* [RFC net-next 1/3] net: provide macros for commonly copied lockless queue stop/wake code
@ 2023-03-11 5:01 Jakub Kicinski
2023-03-11 5:01 ` [RFC net-next 2/3] ixgbe: use new queue try_stop/try_wake macros Jakub Kicinski
` (3 more replies)
0 siblings, 4 replies; 8+ messages in thread
From: Jakub Kicinski @ 2023-03-11 5:01 UTC (permalink / raw)
To: netdev, davem, edumazet, pabeni
Cc: alexanderduyck, roman.gushchin, Jakub Kicinski
A lot of drivers follow the same scheme to stop / start queues
without introducing locks between xmit and NAPI tx completions.
I'm guessing they all copy'n'paste each other's code.
Smaller drivers shy away from the scheme and introduce a lock
which may cause deadlocks in netpoll.
Provide macros which encapsulate the necessary logic.
Signed-off-by: Jakub Kicinski <kuba@kernel.org>
---
include/net/netdev_queues.h | 166 ++++++++++++++++++++++++++++++++++++
1 file changed, 166 insertions(+)
create mode 100644 include/net/netdev_queues.h
diff --git a/include/net/netdev_queues.h b/include/net/netdev_queues.h
new file mode 100644
index 000000000000..2a857faf28d8
--- /dev/null
+++ b/include/net/netdev_queues.h
@@ -0,0 +1,166 @@
+/* SPDX-License-Identifier: GPL-2.0 */
+#ifndef _LINUX_NET_QUEUES_H
+#define _LINUX_NET_QUEUES_H
+
+#include <linux/netdevice.h>
+
+/* Lockless queue stopping / waking helpers.
+ *
+ * These macroes are designed to safely implement stopping and waking
+ * netdev queues without any lock protection.
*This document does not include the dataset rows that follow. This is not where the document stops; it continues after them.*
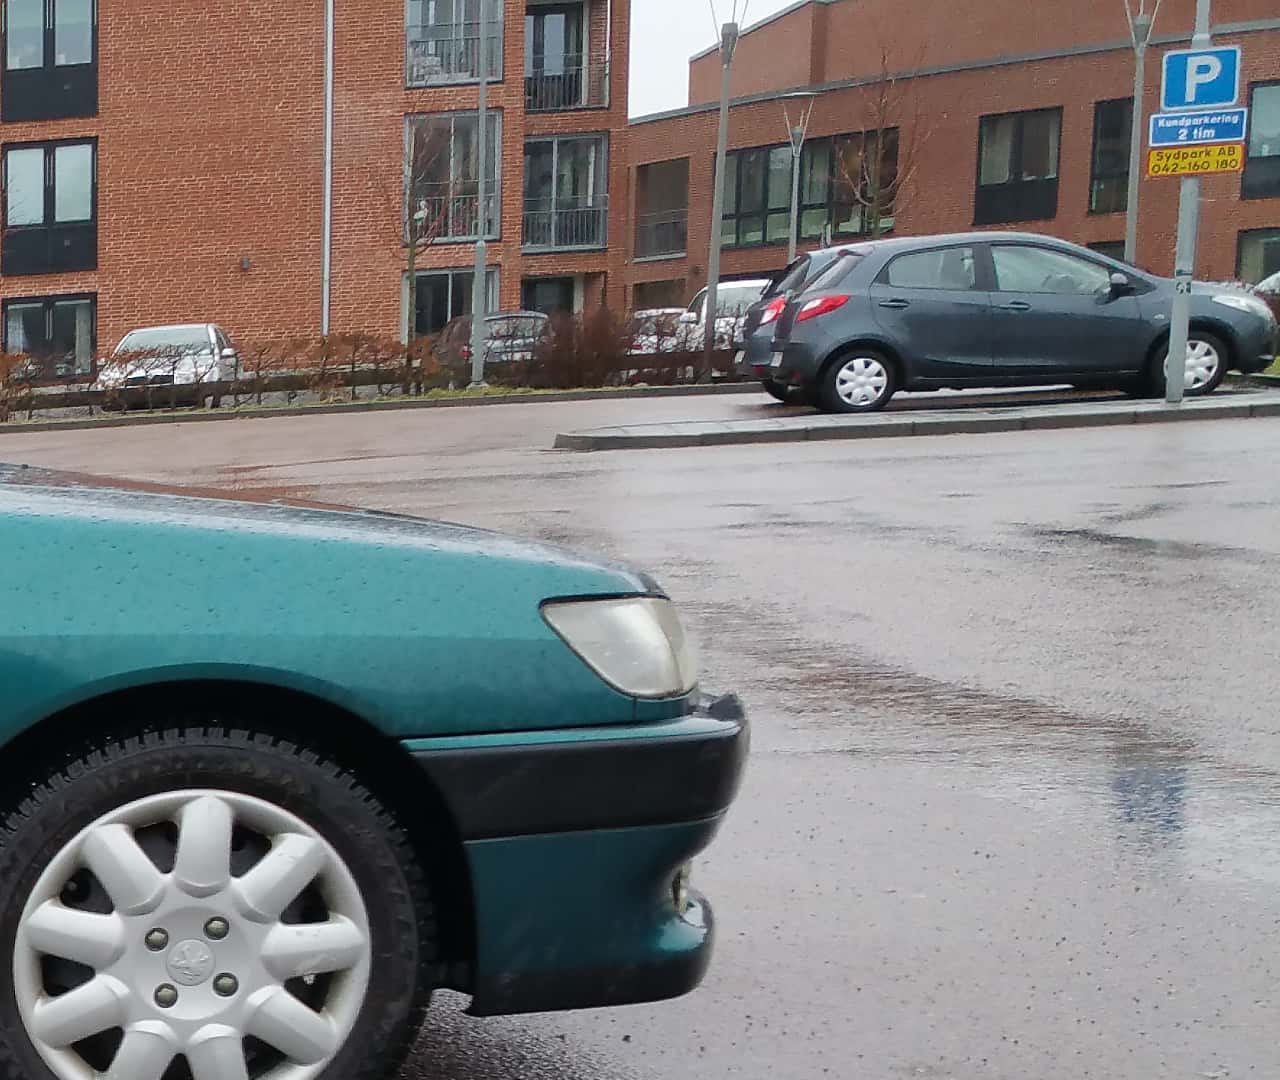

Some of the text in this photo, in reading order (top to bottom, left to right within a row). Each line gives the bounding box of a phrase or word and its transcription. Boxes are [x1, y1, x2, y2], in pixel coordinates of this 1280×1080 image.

[1185, 55, 1222, 102] P
[1158, 114, 1239, 127] Kundparkering
[1178, 127, 1215, 140] 2 tim
[1156, 146, 1236, 162] Sydpark AB
[1152, 159, 1238, 173] 042-160 180
We assume that there can
+ * be no concurrent stop attempts and no concurrent wake attempts.
+ * This is usually true as stop attempts happen from the xmit handler,
+ * while wake up is triggered from NAPI poll context. The two may run
+ * concurrently but are each protected by a lock (SPSC of sorts).
+ *
+ * All descriptor ring indexes (and other relevant shared state) must
+ * be updated before invoking the macros.
+ */
+
+#define netif_tx_queue_try_stop(txq, get_desc, start_thrs) \
+ ({ \
+ int _res; \
+ \
+ netif_tx_stop_queue(txq); \
+ \
+ smp_mb(); \
+ \
+ /* We need to check again in a case another \
+ * CPU has just made room available. \
+ */ \
+ if (likely(get_desc < start_thrs)) { \
+ _res = 0; \
+ } else { \
+ netif_tx_wake_queue(txq); \
+ _res = -1; \
+ } \
+ _res; \
+ }) \
+
+/**
+ * netif_tx_queue_maybe_stop() - locklessly stop a Tx queue, if needed
+ * @txq: struct netdev_queue to stop/start
+ * @get_desc: get current number of free descriptors (see requirements below!)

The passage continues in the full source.